For an annotation of the decisions from the various states upon this question, see: 16 A. L. R. 914; 21 A. L. R. 1504; 27 A. L. R. 1182; 30 A. L. R. 66; 41 A. L. R. 725; 42 A. L. R. 1120; 46 A. L. R. 1060; 49 A. L. R. 608; and 53 A. L. R. 254.

It is our conclusion after an examination of all these authorities that the statement of law set forth in Winkler v. State, supra, and Lamb v. State (6th par. syl.), supra [70 Okla. Cr. 236, 105 P.2d 800] :

“Where the intent with which an offense is committed is an essential element of such offense, the operating of an automobile by a person charged with an offense in a manner forbidden by law takes the place of and supplies the unlawful intent. It then becomes a question of fact whether or not defendant at the time was guilty of ‘culpable negligence’ in operating an automobile upon the highway in violation of the law”, is a correct statement of the law; and that based upon that conclusion, we hold that the information herein was sufficient to charge a violation of section 1870, supra.

Lastly, it is contended by the defendant that the punishment herein is excessive. In support of this contention the defendant cites several cases concerning assaults in which the punishment inflicted was less than that assessed against the defendant herein.

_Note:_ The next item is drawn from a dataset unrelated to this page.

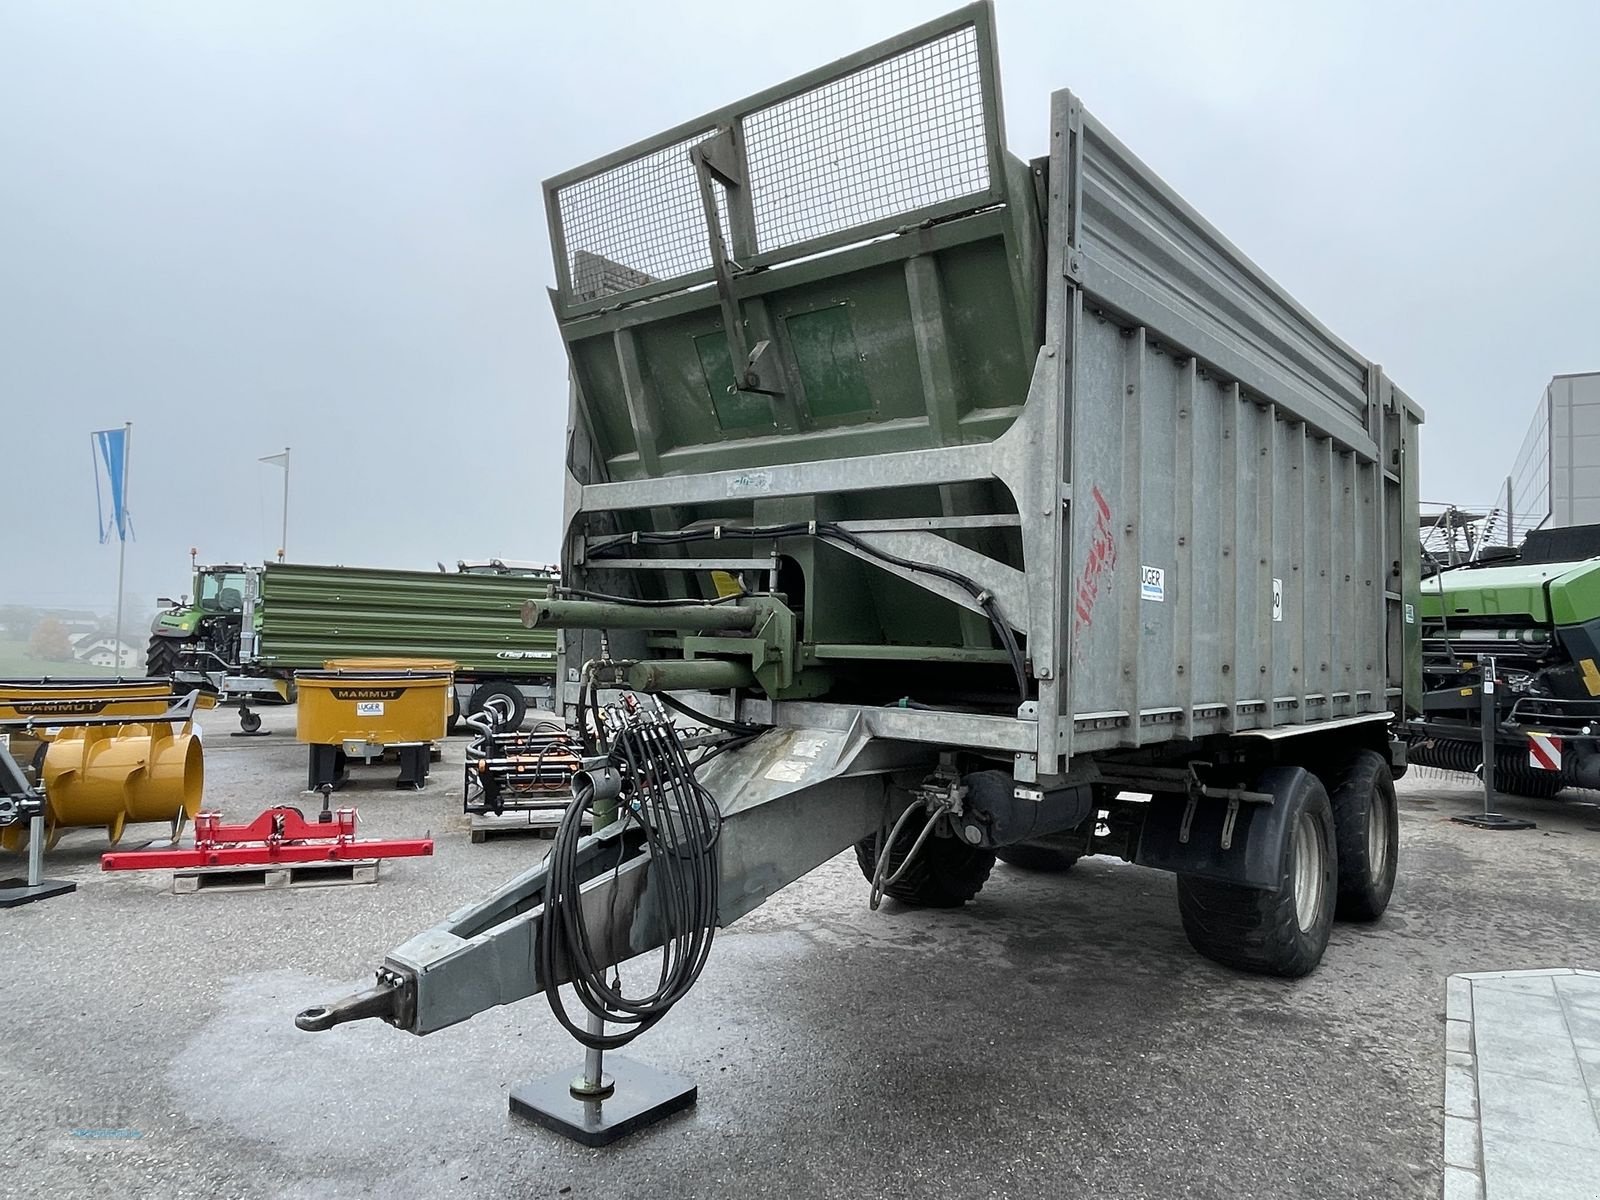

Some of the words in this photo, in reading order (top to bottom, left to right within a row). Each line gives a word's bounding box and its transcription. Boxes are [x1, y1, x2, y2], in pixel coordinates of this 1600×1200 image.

The question as to whether the punishment imposed against the defendant is excessive and should be modified depends solely upon the facts and circumstances in each particular case. In each of the cases cited by counsel for defendant, we find a peculiar set of circumstances which probably justified the fixing of the punishment as low as was done.

Here, we have a defendant who has been convicted of violations of our laws so many times that by his own admissions he cannot tell the exact number. He testified on cross-examination that he was a liquor dealer in the city of Tulsa, and had been for the past eight years.

That defendant was drunk and driving his automobile upon one of the main thoroughfares of Tulsa at a speed of 50 miles an hour or greater is practically undisputed. The witnesses for the state so testified.

The defendant testified in his own behalf, saying that he had drunk eight bottles of beer and was driving up the street about 45 miles per hour, and was attempting to turn the corner where he struck the injured person, while going at this rate of speed.

There is nothing in the record which would justify this court in interfering with a verdict rendered by a jury of twelve men who heard the evidence and saw the demeanor of the defendant on the witness stand. A different view might be taken if the accused were a person who was a law-abiding citizen with a good record of peaceful and honest citizenship behind him. But here the defendant’s everyday business is devoted to a violation of our laws.

When you get a combination of gasoline in a carburetor and alcohol in the operator of an automobile, disaster generally follows.

While it is the duty of the courts to guard the rights of every defendant charged with crime and to give him the full benefit of every reasonable doubt of his guilt when tried for crime, it is equally the duty of the courts to protect the traveling public against reckless, wanton, willful, and unlawful conduct of drivers of automobiles over the public roads of the state.

The defendant here drove an automobile at a high rate of speed into a high school boy, knocked him several feet from the street, clear up onto a sidewalk adjacent to the street. His thumb was severed by the force of the blow. He suffered internal injuries and bruises; and had it not been for the aid of some fellow high school students who were familiar with first aid practices, he might possibly have suffered death from the loss of blood before medical aid could be summoned. As it was, his fellow students shut off the flow of blood by applying external pressure to the proper places, and fortunately prevented a more serious result.

One who is so careless of the rights of others as to use a dangerous instrumentality while incapacitated by drink, as here shown, invites the consequences. He must pay the penalty.

The defendant has had a fair and impartial trial, and the judgment of the district court of Tulsa county is hereby affirmed.